PROBLEM DETAILS:
This exercise calls for the data below to be retyped exactly, minus any images.

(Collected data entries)

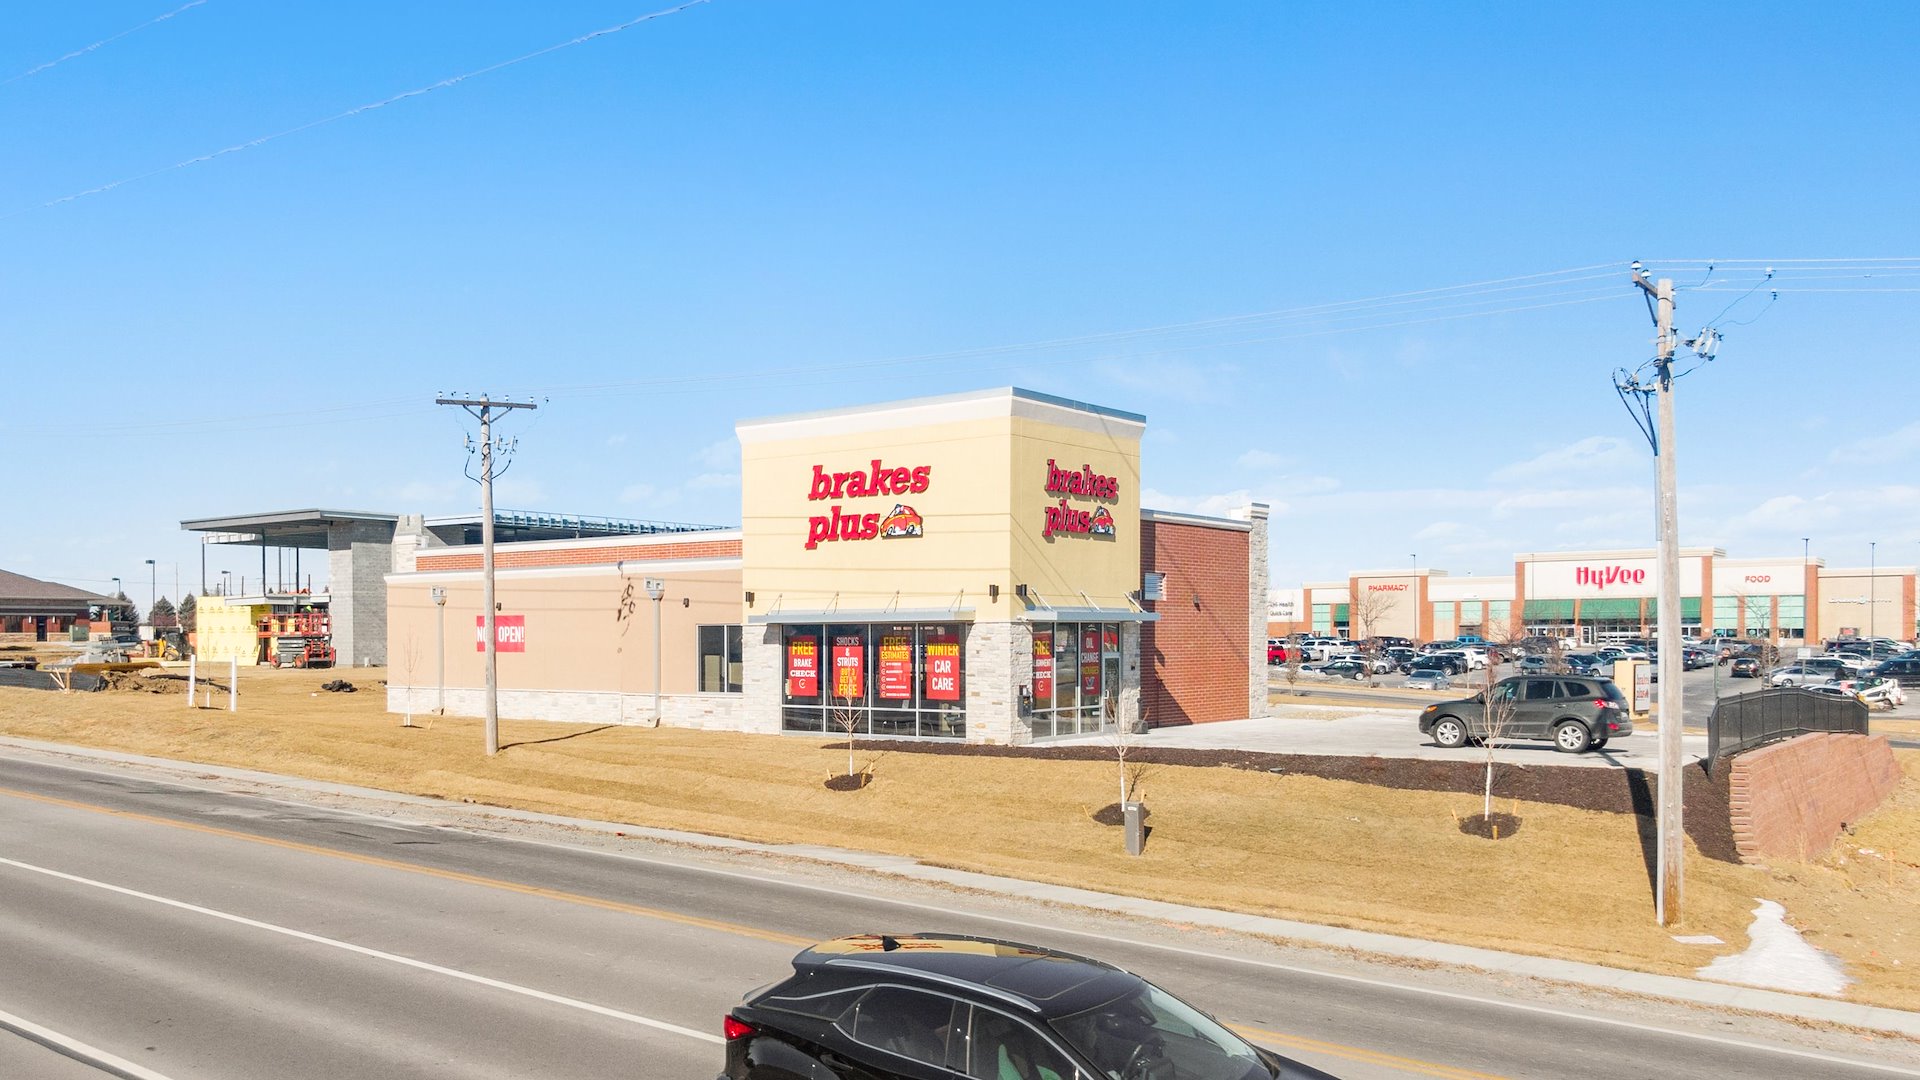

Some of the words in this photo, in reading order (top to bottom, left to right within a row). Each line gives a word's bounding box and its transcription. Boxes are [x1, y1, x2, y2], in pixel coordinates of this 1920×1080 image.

[808, 459, 931, 501] brakes
[1045, 459, 1118, 498] brakes
[1044, 499, 1092, 536] plus
[805, 506, 880, 549] plus
[1744, 575, 1771, 583] FOOD
[1368, 584, 1409, 592] PHARMACY
[498, 626, 525, 643] OPEN!
[792, 641, 814, 655] FREE
[836, 637, 859, 646] SHOCKS
[883, 637, 907, 651] FREE
[1033, 641, 1050, 655] FREE
[1086, 638, 1094, 648] OIL
[845, 648, 850, 657] &
[881, 651, 909, 660] ESTIMATES
[927, 644, 959, 656] WINTER
[793, 658, 812, 668] BRAKE
[837, 657, 859, 667] STRUTS
[934, 660, 951, 674] CAR
[790, 669, 816, 678] CHECK
[931, 677, 954, 691] CARE
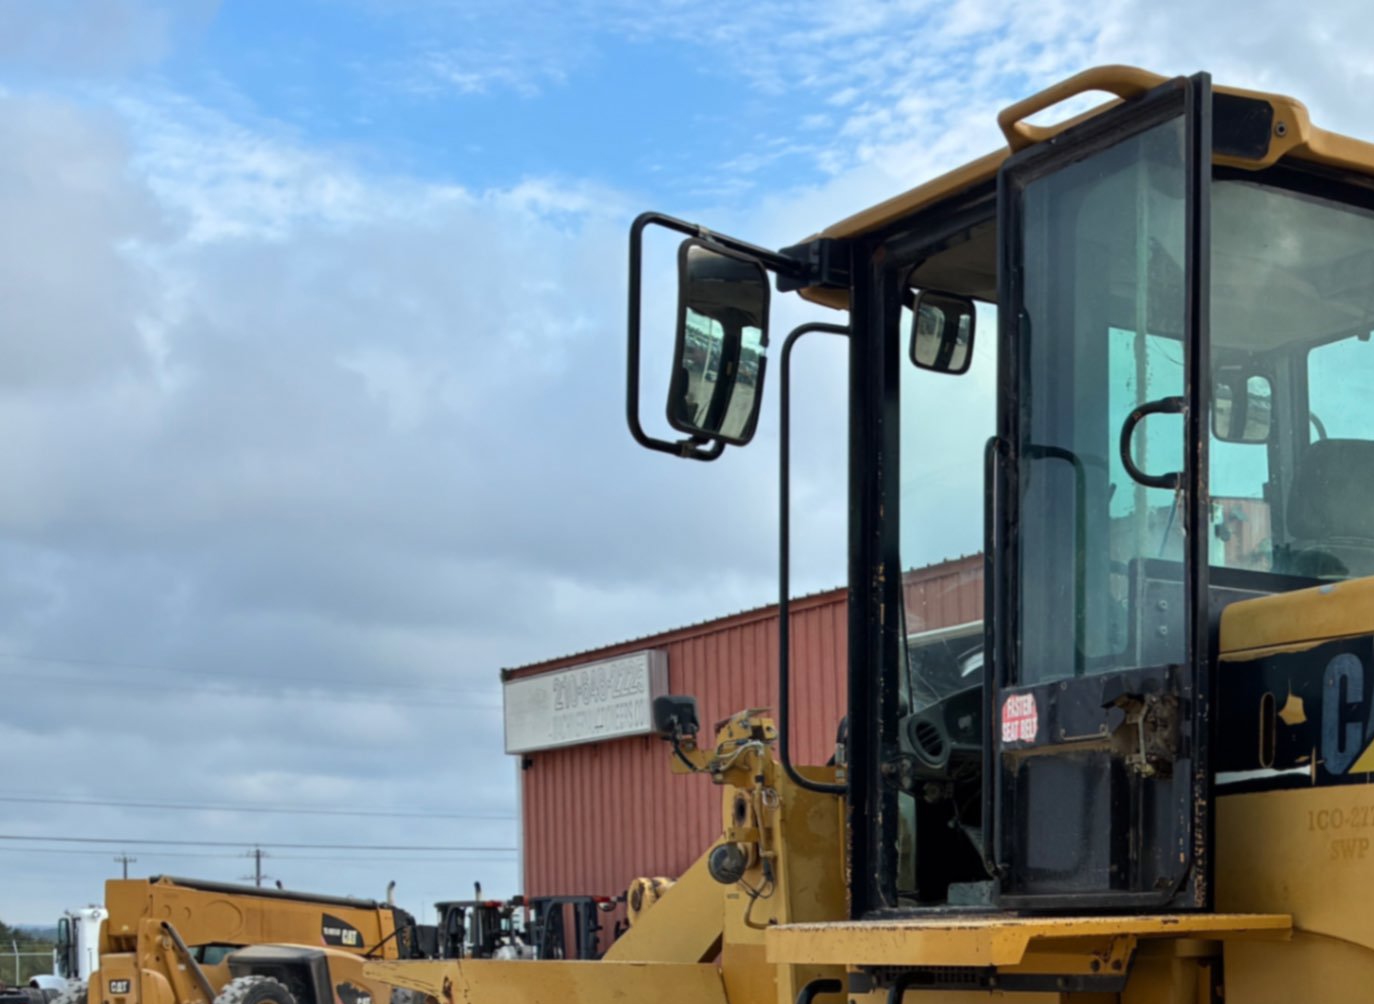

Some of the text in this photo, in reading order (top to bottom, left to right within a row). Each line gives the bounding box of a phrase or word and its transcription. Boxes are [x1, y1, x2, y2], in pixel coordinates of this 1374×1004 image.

[1002, 717, 1037, 742] SEAT BELT
[1329, 837, 1370, 861] SWP
[341, 929, 357, 945] CAT
[111, 981, 128, 993] CAT

EXERCISE SOLUTION:
Some of the words in this photo, in reading order (top to bottom, left to right within a row). Each line gives a word's bounding box and its transcription. Boxes are [x1, y1, x2, y2], in pixel coordinates of this 1920×1080 image.

[808, 459, 931, 501] brakes
[1045, 459, 1118, 498] brakes
[1044, 499, 1092, 536] plus
[805, 506, 880, 549] plus
[1744, 575, 1771, 583] FOOD
[1368, 584, 1409, 592] PHARMACY
[498, 626, 525, 643] OPEN!
[792, 641, 814, 655] FREE
[836, 637, 859, 646] SHOCKS
[883, 637, 907, 651] FREE
[1033, 641, 1050, 655] FREE
[1086, 638, 1094, 648] OIL
[845, 648, 850, 657] &
[881, 651, 909, 660] ESTIMATES
[927, 644, 959, 656] WINTER
[793, 658, 812, 668] BRAKE
[837, 657, 859, 667] STRUTS
[934, 660, 951, 674] CAR
[790, 669, 816, 678] CHECK
[931, 677, 954, 691] CARE

Some of the text in this photo, in reading order (top to bottom, left to right within a row). Each line gives the bounding box of a phrase or word and its transcription. Boxes are [x1, y1, x2, y2], in pixel coordinates of this 1374×1004 image.

[1002, 717, 1037, 742] SEAT BELT
[1329, 837, 1370, 861] SWP
[341, 929, 357, 945] CAT
[111, 981, 128, 993] CAT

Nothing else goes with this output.